No matter where you are in relation to Jesus, “sin” is an ugly word. Just saying the word causes problems, so let’s get on the same page before moving forward. In the weeks to come we’ll break this down into much smaller pieces. Today is about defining our terms—and our solution.
People define sin any number of ways, even within Christianity, and tend to subject it to their own ideology rather than the other way around. We like to name particular sins and highlight them—especially if they bear no resemblance to ours. We would much rather confess other people’s sins than confess our own.
We also often like to draw the line at “Well, I thought about it but I didn’t actually do it,” or “Hey, at least I’m not hurting anyone else.” But look at Jesus’ “but I say to you”s in the Sermon on the Mount (Matthew 5:21–48)—or just read the entire sermon in chapters 5–7. It’s pretty clear that Jesus doesn’t draw a line anywhere. All sin is condemned by God.
I would define it this way, then: Sin is the inability to respond to God. In every form. Totally expressed or barely conceived. Period. Any sins we commit are the result of sin we already have within us. I did not become rebellious; I was born rebellious. And that still gives me no excuse.
At the same time, each of us is a victim of the sin around us—not just in vague, general ways but in specific, often lousy, and sometimes truly horrific ways. Sin is both within us and around us, and it’s that “around us” that we pick up on and adopt as our own—or respond to by taking judgment out of God’s hands and into our own; or by reveling in our victim status, because at least it gives us some kind of identity.
That’s why I need Jesus. The gospel is not about tolerance of sin, or condemnation of sin—and it’s certainly not about wiping out my own personal enemies. It’s about victory over sin—starting with me. With you. It’s a victory we have to receive from Jesus, before we can live it out.
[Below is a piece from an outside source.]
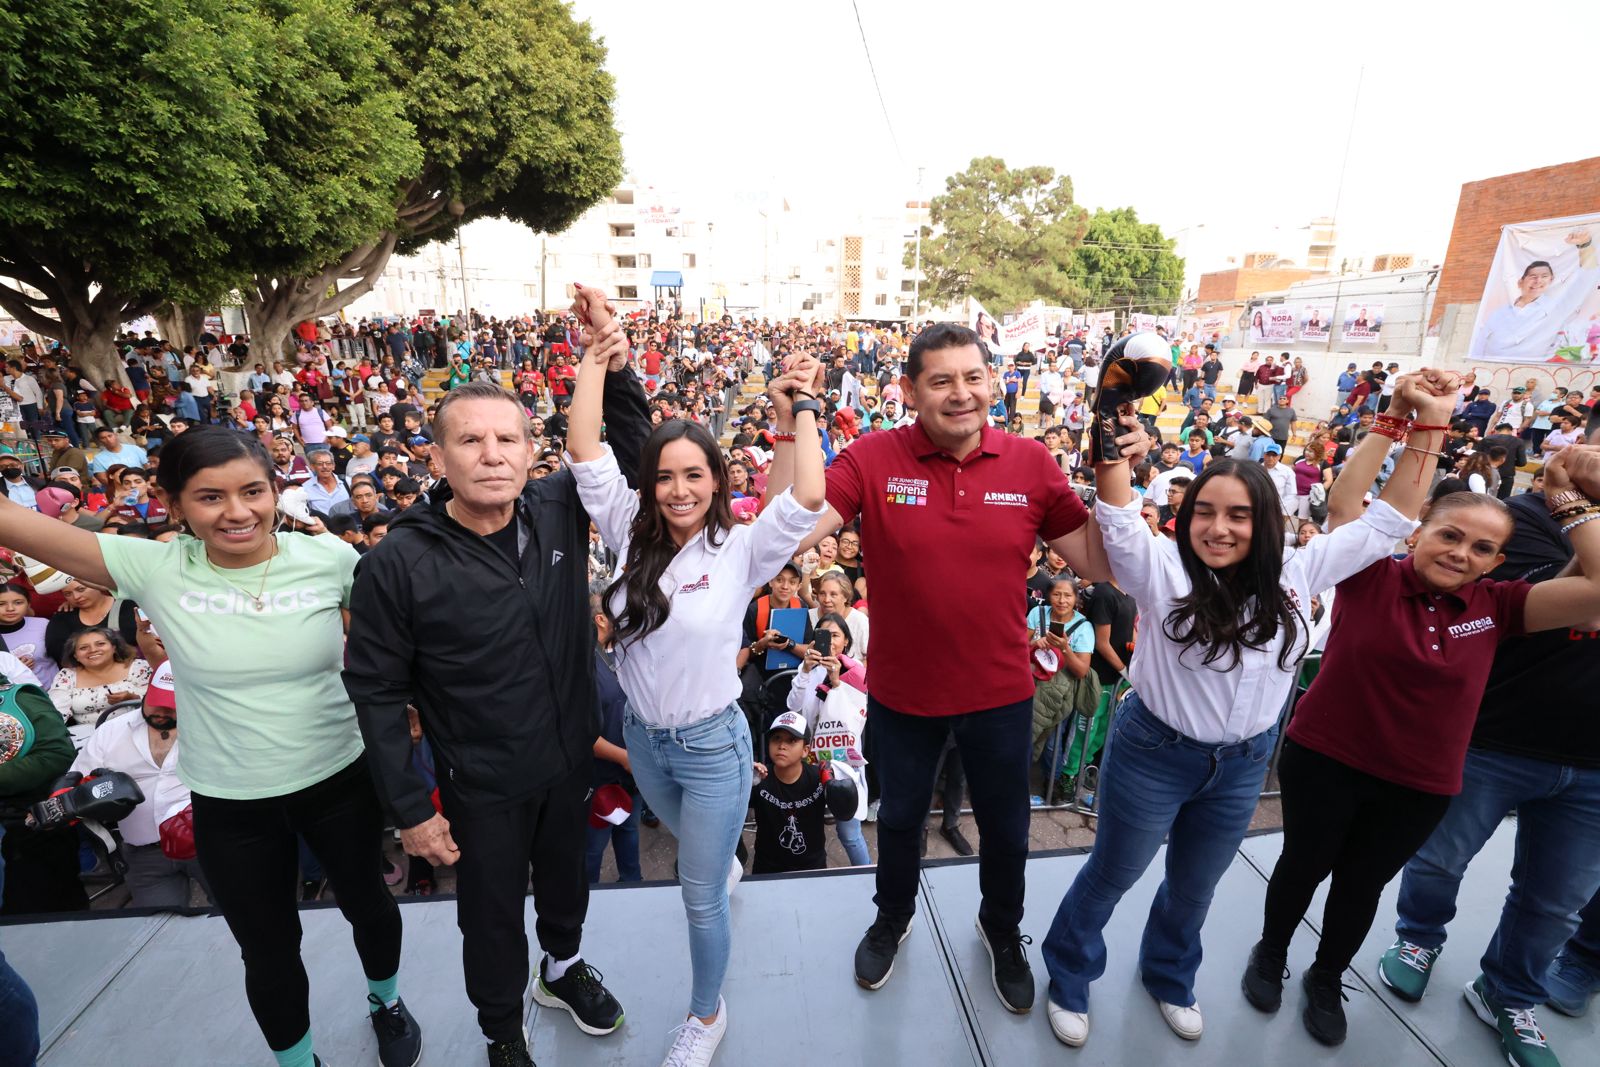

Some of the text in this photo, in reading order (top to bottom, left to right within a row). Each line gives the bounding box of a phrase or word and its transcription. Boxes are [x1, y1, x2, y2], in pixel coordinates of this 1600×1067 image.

So when we talk about laying down your sin, it’s not just, “Hey you, stop doing things God says are wrong.” That’s part of the package, to be sure, but it’s only a part. It’s also laying down the sin you want to openly express but don’t. It’s laying down the sin that has been expressed upon you, by others—even the sin that hasn’t been expressed but you know is there. It’s saying Jesus died for all of it, and beginning to live in that truth. Otherwise, perhaps we should just stop wasting our time even pretending to follow Jesus.
I have been crucified with Christ. It is no longer I who live, but Christ who lives in me. And the life I now live in the flesh I live by faith in the Son of God, who loved me and gave himself for me. I do not nullify the grace of God, for if righteousness were through the law, then Christ died for no purpose. (Galatians 2:20–21)
Because of the hardness of our hearts, we will never totally be immune from the sin around us, or within us. However, we no longer need to be slaves to it, or victims of it. Jesus calls us to a different life. Let’s start living it. Today.
Lay It Down Today
In past weeks, you reflected on your “life passage,” as well as questions including, “What’s the one thing that most needs transforming in my life—that God wants me to lay down right now?” Let’s take that further today.
Identify someone you can share openly about your “one thing” with, and commit to getting with him or her on a weekly basis for the duration of this study—and maybe beyond. If you’re working through this with a small group, you’ll get the opportunity to find a partner there—but you can start thinking about whom you want to get with right now. Otherwise, find a friend you can share with, and who cares enough to keep you accountable—someone who won’t let you off the hook but won’t judge you either. If you truly don’t know who to turn to, ask God for guidance, and let him lead you to someone, even if you don’t know that person well yet. May God bless and grow your spiritual friendship as you pursue it together.